Mayo Clinic researchers say an AI system called REDMOD can spot early pancreatic cancer signals on routine abdominal CT scans long before tumors are obvious to radiologists, according to a new validation study published in Gut.

What the study found

Mayo said REDMOD reviewed nearly 2,000 scans that had originally been read as normal, including scans from patients who were later diagnosed with pancreatic cancer. The model identified 73% of prediagnostic cancers at a median of about 16 months before clinical diagnosis. In the same comparison, radiologists reviewing the scans without AI detected 39%.

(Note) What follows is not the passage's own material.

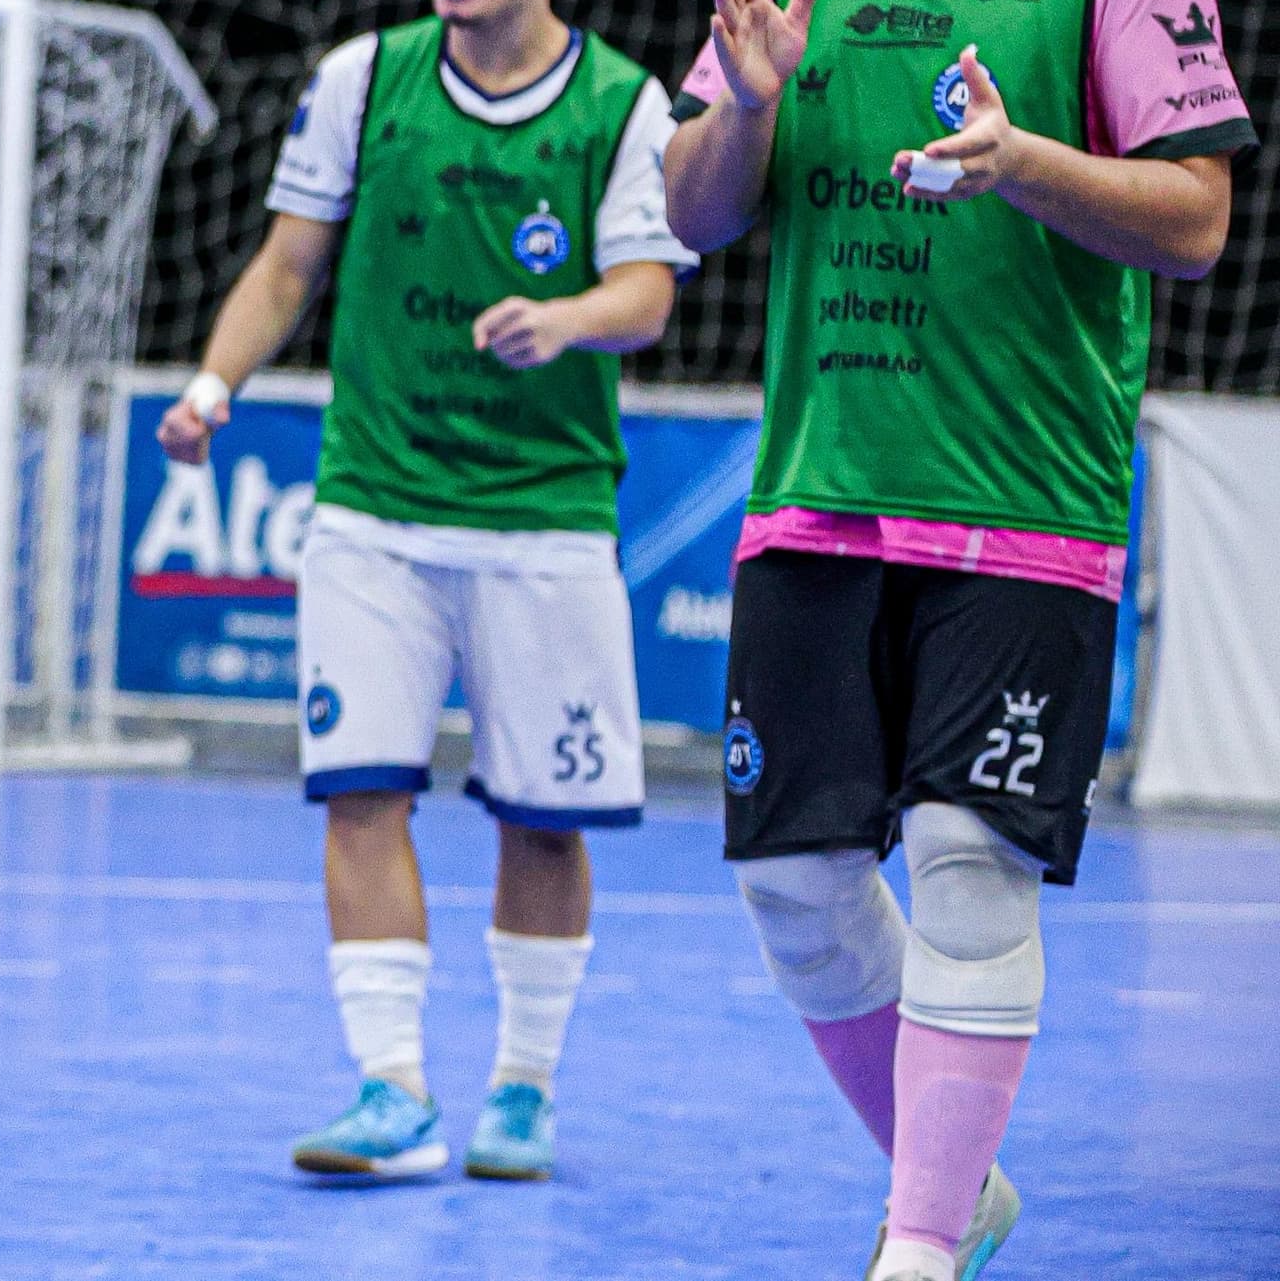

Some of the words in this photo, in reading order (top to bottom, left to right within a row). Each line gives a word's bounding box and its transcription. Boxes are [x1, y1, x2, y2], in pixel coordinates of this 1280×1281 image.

A BMJ summary of the paper said the gap widened on scans taken more than two years before diagnosis, where REDMOD detected 68% of cases versus 23% for radiologists. The study also reported stable results across repeat scans and external datasets, suggesting the model may generalize beyond a single hospital workflow.

Why it matters

Pancreatic cancer is often found late, when treatment options are limited. If systems like REDMOD hold up in real clinical use, they could turn already-collected CT scans into an earlier warning layer for high-risk patients.

That said, Mayo and BMJ both frame this as a validation milestone, not a finished screening product. Mayo has already started a prospective follow-up study, AI-PACED, to test whether the tool improves care decisions without creating too many false alarms.